#### REQUIRED ACTION:
Pictures in the records below are skipped; the rest is copied exactly.

-- Opening Marker --

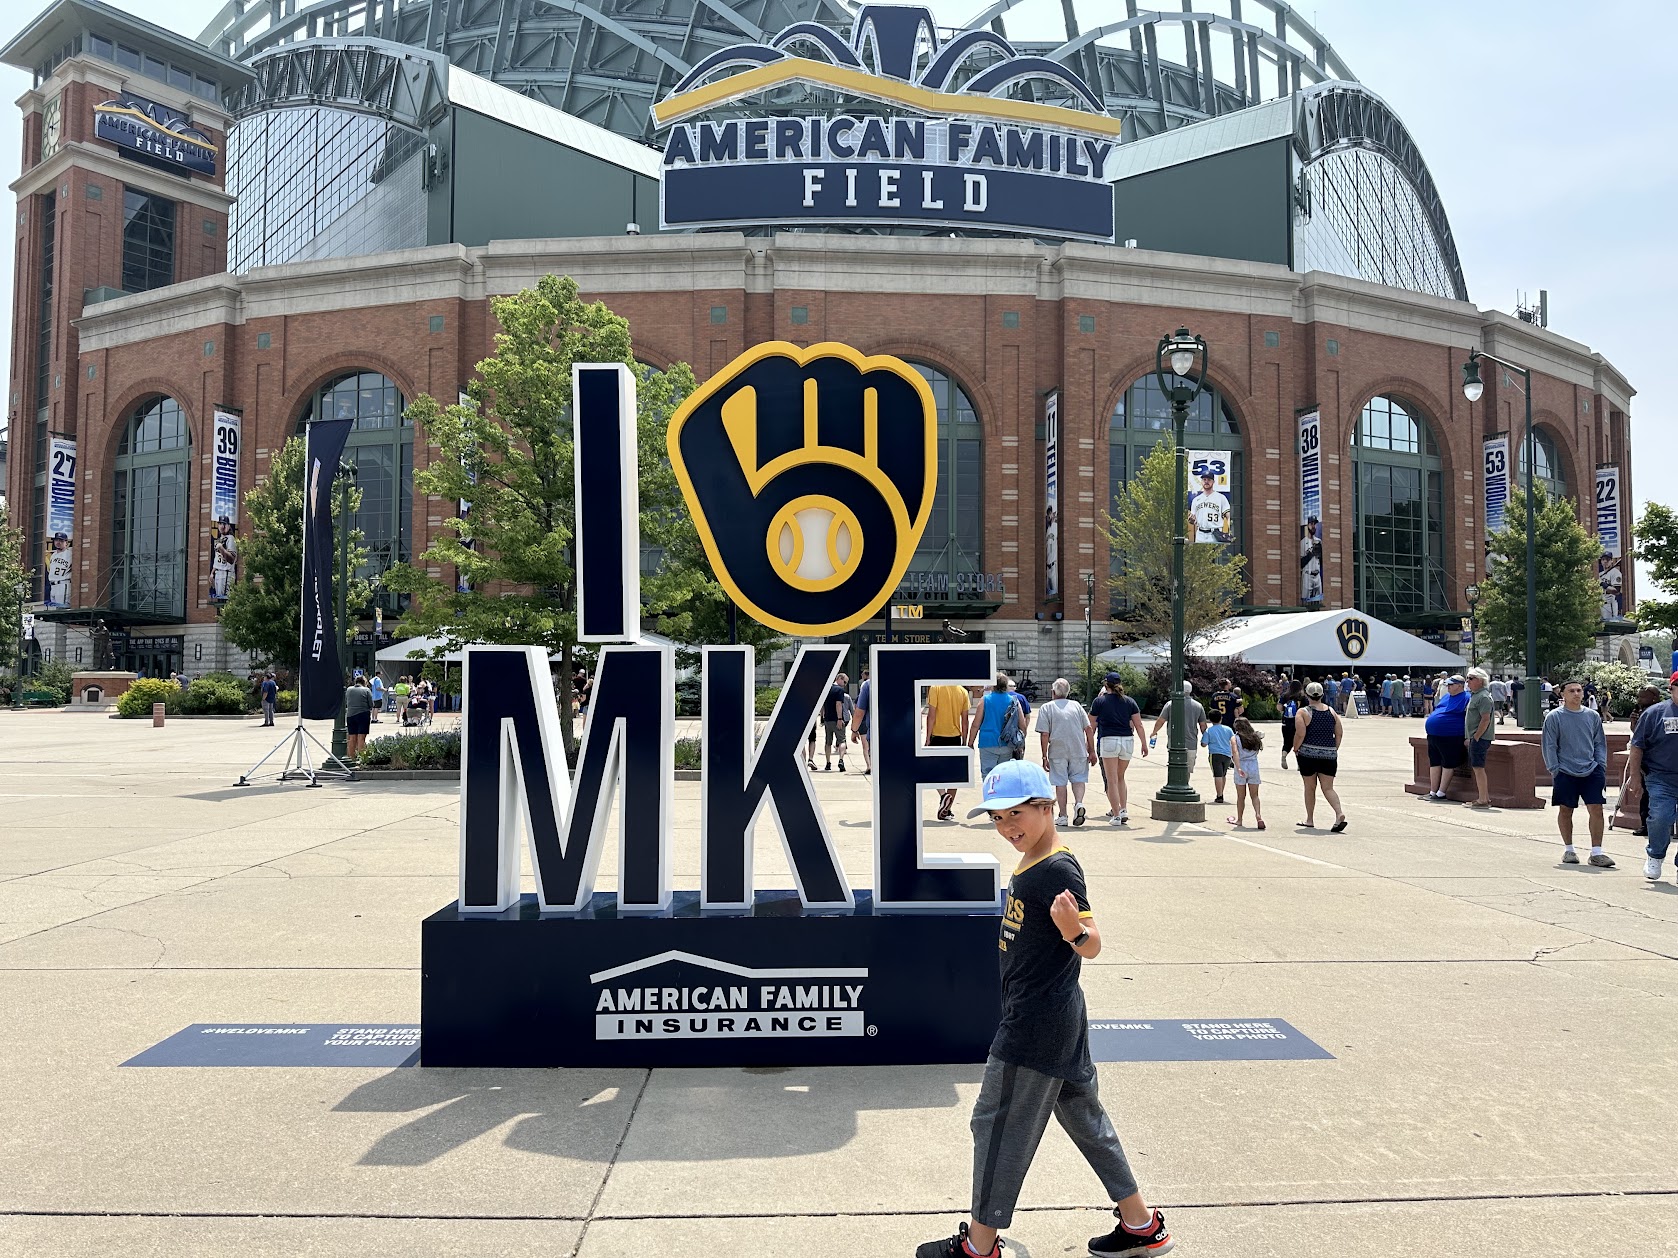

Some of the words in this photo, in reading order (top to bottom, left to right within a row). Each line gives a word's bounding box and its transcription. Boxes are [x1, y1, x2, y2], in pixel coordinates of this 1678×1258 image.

[99, 113, 168, 146] AMERICAN
[167, 137, 217, 161] FAMILY
[136, 137, 183, 162] FIELD
[663, 117, 927, 166] AMERICAN
[947, 130, 1114, 179] FAMILY
[801, 168, 989, 212] FIELD
[217, 426, 238, 455] 39
[1047, 410, 1056, 443] 11
[1301, 424, 1319, 454] 38
[52, 450, 76, 479] 27
[1047, 441, 1056, 503] TELLEZ
[1191, 459, 1226, 476] 53
[1485, 450, 1506, 474] 53
[215, 455, 237, 517] BURNES
[1302, 452, 1320, 521] WILLIAMS
[1597, 478, 1616, 503] 22
[49, 478, 76, 533] ADAMES
[572, 362, 639, 643] I
[1207, 513, 1219, 522] 53
[1597, 503, 1618, 549] YELICH
[54, 567, 67, 577] 27
[909, 572, 949, 592] TEAM
[956, 572, 1003, 593] STORE
[897, 605, 923, 619] TM
[876, 634, 899, 643] TEM
[904, 634, 931, 643] STORE
[1218, 701, 1227, 714] 5
[458, 643, 1001, 913] MKE
[986, 773, 1001, 795] T
[595, 986, 748, 1012] AMERICAN
[760, 985, 864, 1009] FAMILY
[617, 1016, 843, 1034] INSURANCE

-- Closing Marker --

#### RESPONSE BELOW:
Some of the words in this photo, in reading order (top to bottom, left to right within a row). Each line gives a word's bounding box and its transcription. Boxes are [x1, y1, x2, y2], in pixel coordinates of this 1678×1258 image.

[99, 113, 168, 146] AMERICAN
[167, 137, 217, 161] FAMILY
[136, 137, 183, 162] FIELD
[663, 117, 927, 166] AMERICAN
[947, 130, 1114, 179] FAMILY
[801, 168, 989, 212] FIELD
[217, 426, 238, 455] 39
[1047, 410, 1056, 443] 11
[1301, 424, 1319, 454] 38
[52, 450, 76, 479] 27
[1047, 441, 1056, 503] TELLEZ
[1191, 459, 1226, 476] 53
[1485, 450, 1506, 474] 53
[215, 455, 237, 517] BURNES
[1302, 452, 1320, 521] WILLIAMS
[1597, 478, 1616, 503] 22
[49, 478, 76, 533] ADAMES
[572, 362, 639, 643] I
[1207, 513, 1219, 522] 53
[1597, 503, 1618, 549] YELICH
[54, 567, 67, 577] 27
[909, 572, 949, 592] TEAM
[956, 572, 1003, 593] STORE
[897, 605, 923, 619] TM
[876, 634, 899, 643] TEM
[904, 634, 931, 643] STORE
[1218, 701, 1227, 714] 5
[458, 643, 1001, 913] MKE
[986, 773, 1001, 795] T
[595, 986, 748, 1012] AMERICAN
[760, 985, 864, 1009] FAMILY
[617, 1016, 843, 1034] INSURANCE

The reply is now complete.